_Exercise directions_:
Starting at the top line, print the entries below exactly as they are and skip every picture.

_Extracted data entries_:
=== Begin Enclosure ===
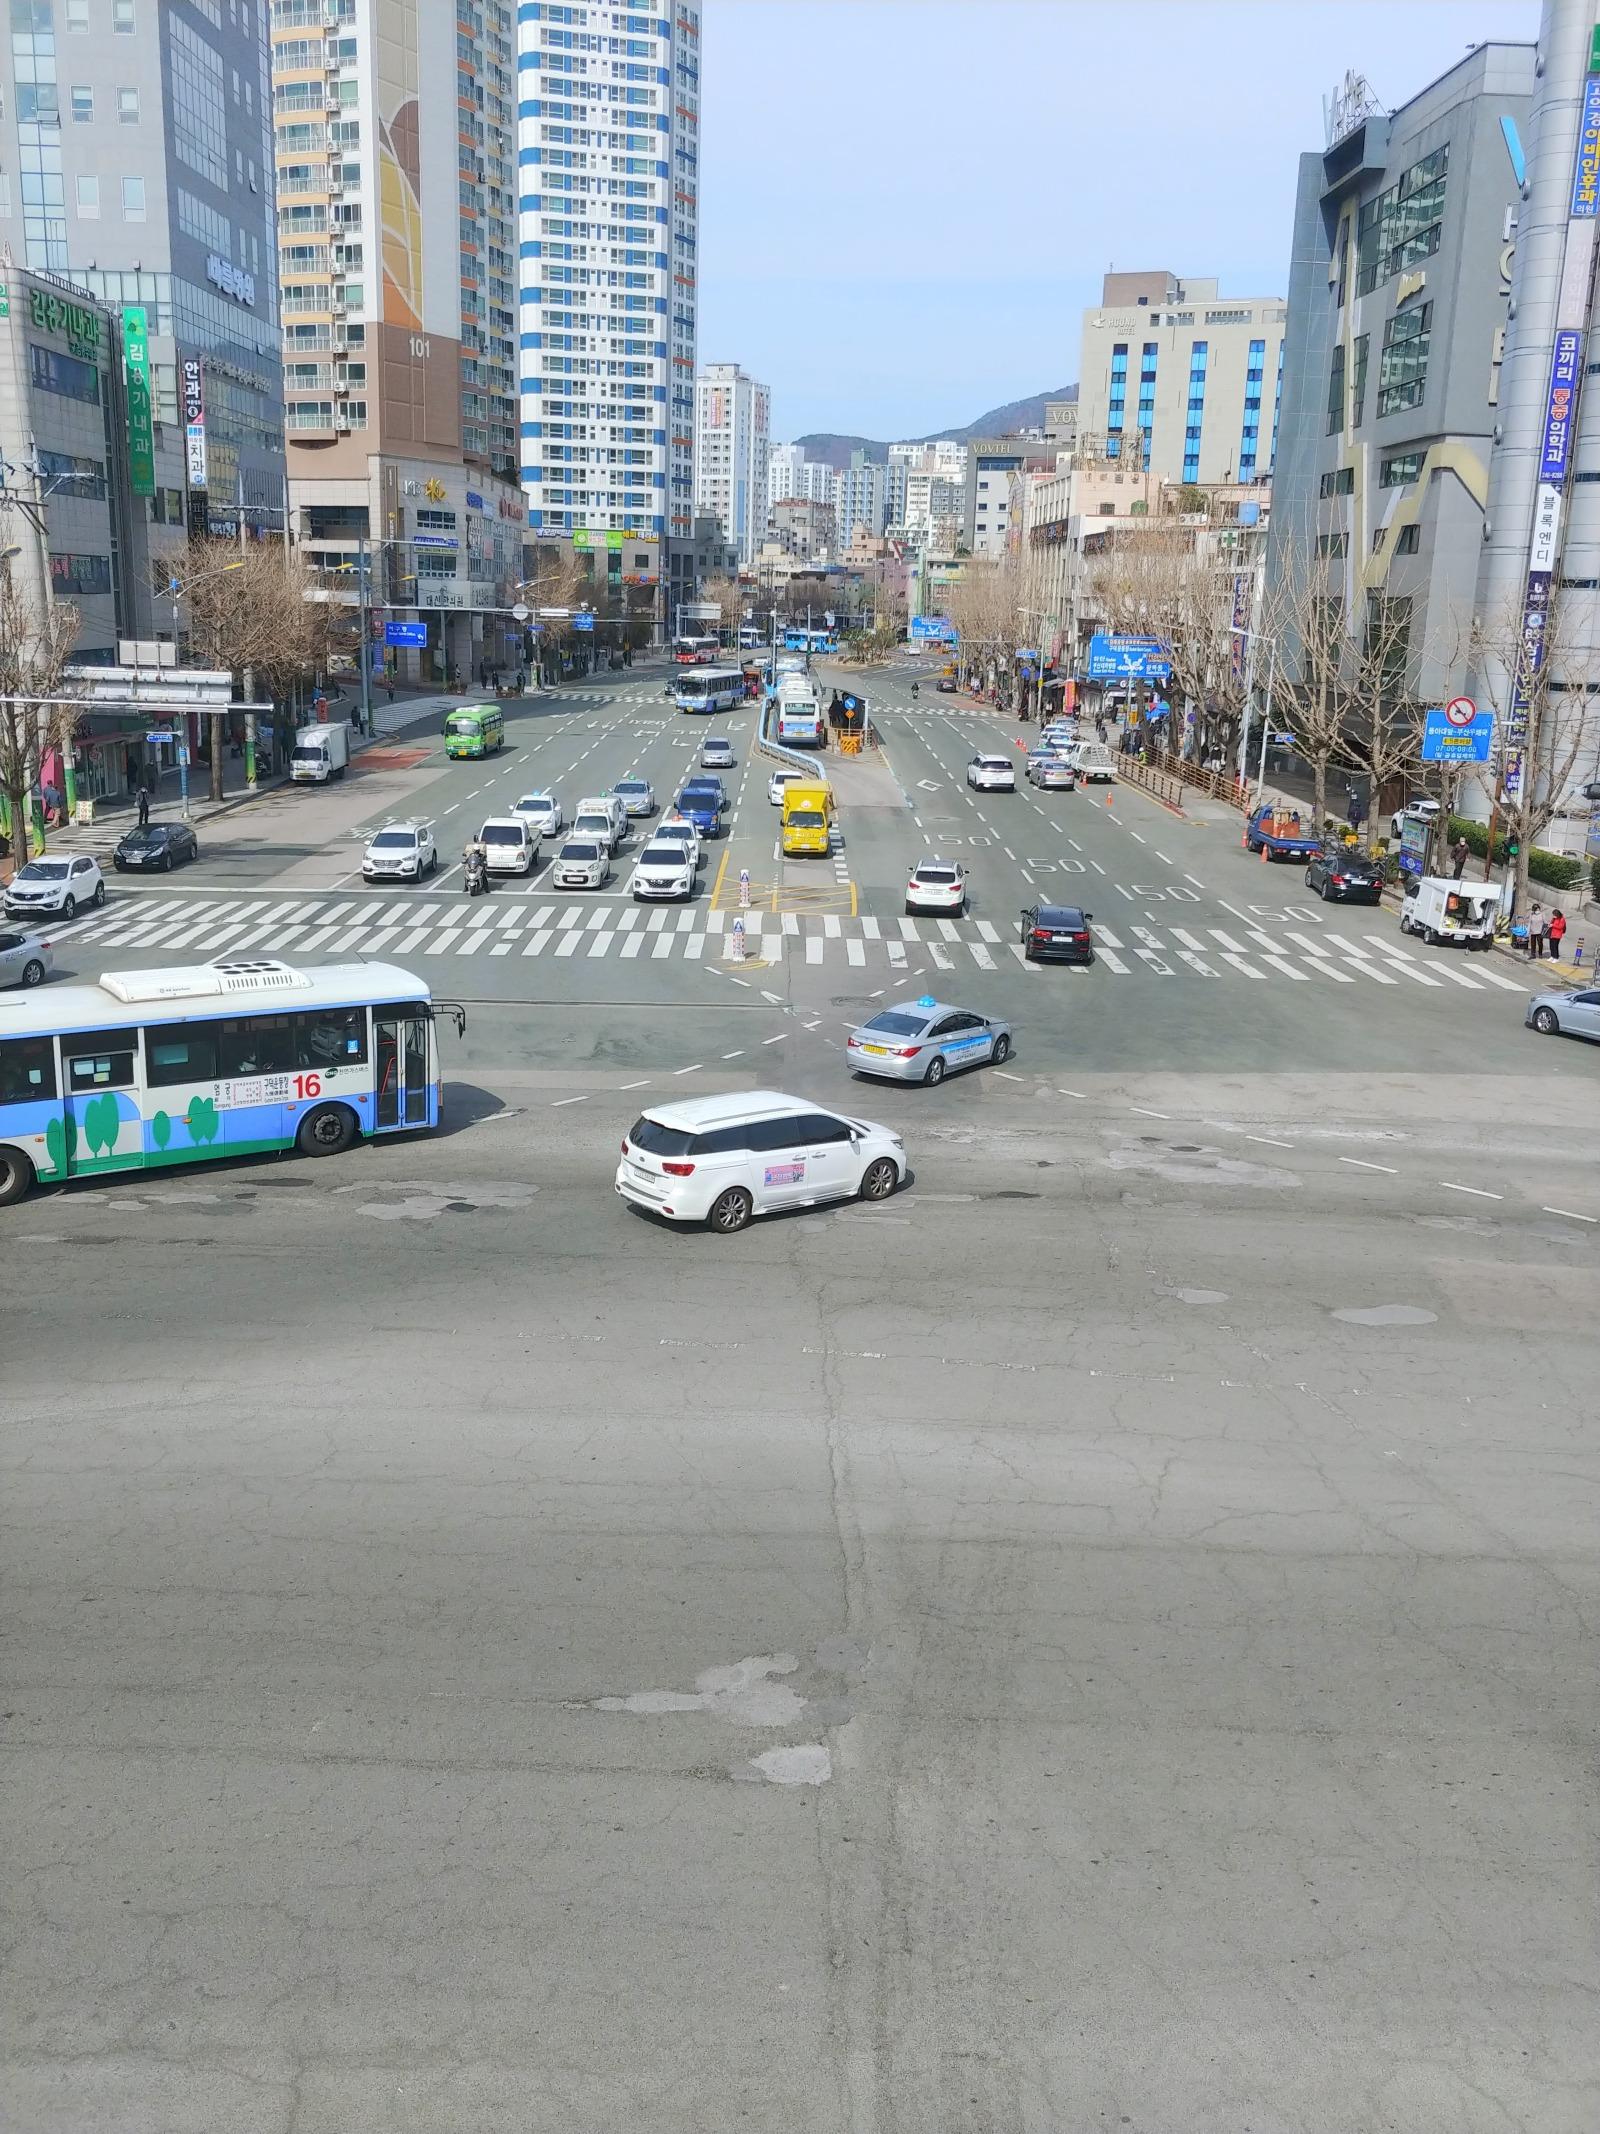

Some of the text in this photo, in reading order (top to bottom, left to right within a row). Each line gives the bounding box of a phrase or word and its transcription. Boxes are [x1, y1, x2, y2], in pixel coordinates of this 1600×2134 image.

[1575, 204, 1594, 214] 의원
[30, 288, 101, 348] 김용기내과
[409, 336, 430, 358] 101
[1556, 335, 1576, 382] 코끼리
[185, 361, 201, 399] 안과
[129, 342, 150, 454] 김용기내과
[1546, 387, 1571, 464] 통증의학과
[190, 444, 205, 475] 치과
[973, 442, 1013, 454] VOVTEL
[1537, 495, 1556, 563] 블록엔디
[938, 834, 992, 846] 50
[1027, 857, 1087, 873] 50
[1130, 884, 1201, 902] 50
[1247, 904, 1323, 923] 50
[292, 1073, 321, 1099] 16
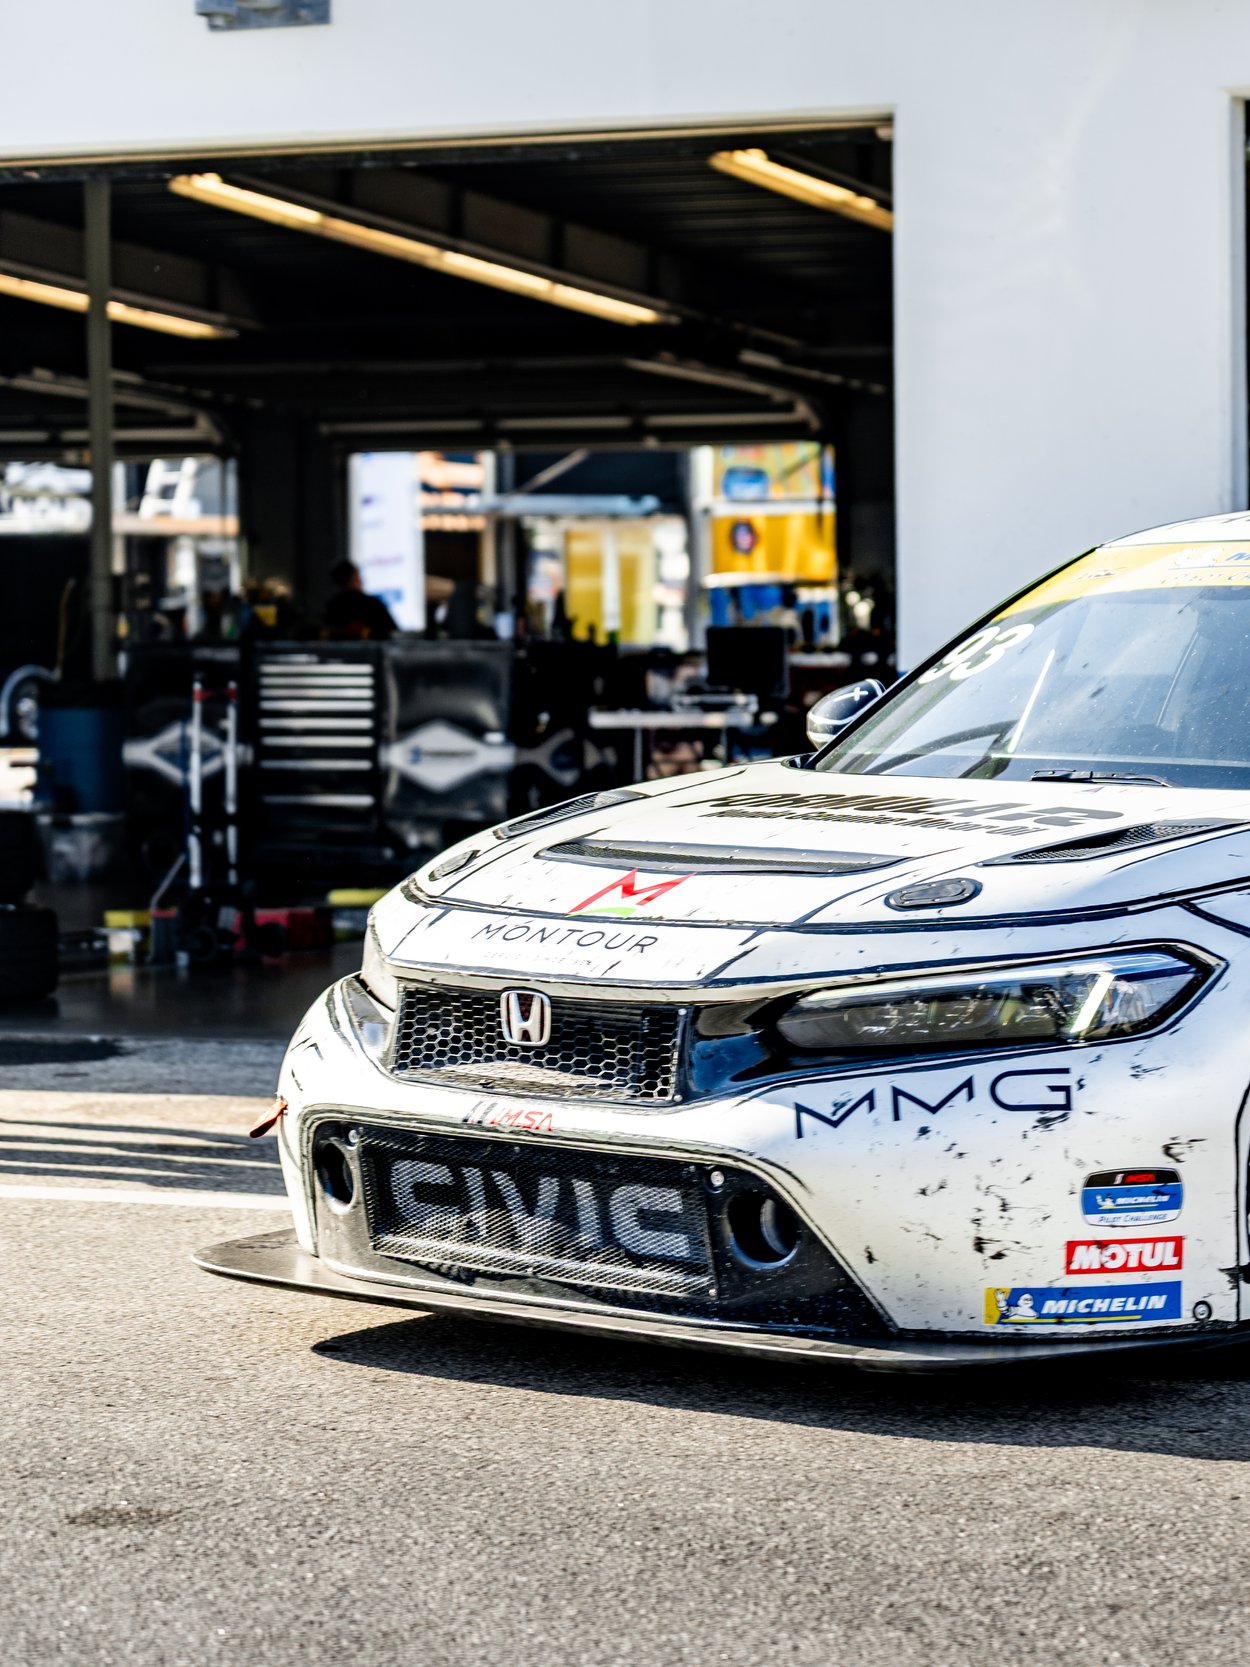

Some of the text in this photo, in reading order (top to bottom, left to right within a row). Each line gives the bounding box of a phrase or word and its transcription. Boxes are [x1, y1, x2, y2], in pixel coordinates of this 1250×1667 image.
=== End Enclosure ===
_Result for this task_:
Some of the text in this photo, in reading order (top to bottom, left to right within a row). Each line gives the bounding box of a phrase or word and its transcription. Boxes are [x1, y1, x2, y2], in pixel coordinates of this 1600×2134 image.

[1575, 204, 1594, 214] 의원
[30, 288, 101, 348] 김용기내과
[409, 336, 430, 358] 101
[1556, 335, 1576, 382] 코끼리
[185, 361, 201, 399] 안과
[129, 342, 150, 454] 김용기내과
[1546, 387, 1571, 464] 통증의학과
[190, 444, 205, 475] 치과
[973, 442, 1013, 454] VOVTEL
[1537, 495, 1556, 563] 블록엔디
[938, 834, 992, 846] 50
[1027, 857, 1087, 873] 50
[1130, 884, 1201, 902] 50
[1247, 904, 1323, 923] 50
[292, 1073, 321, 1099] 16

Some of the text in this photo, in reading order (top to bottom, left to right within a row). Each line gives the bounding box of a phrase or word and its transcription. Boxes are [x1, y1, x2, y2], in pixel coordinates of this 1250×1667 image.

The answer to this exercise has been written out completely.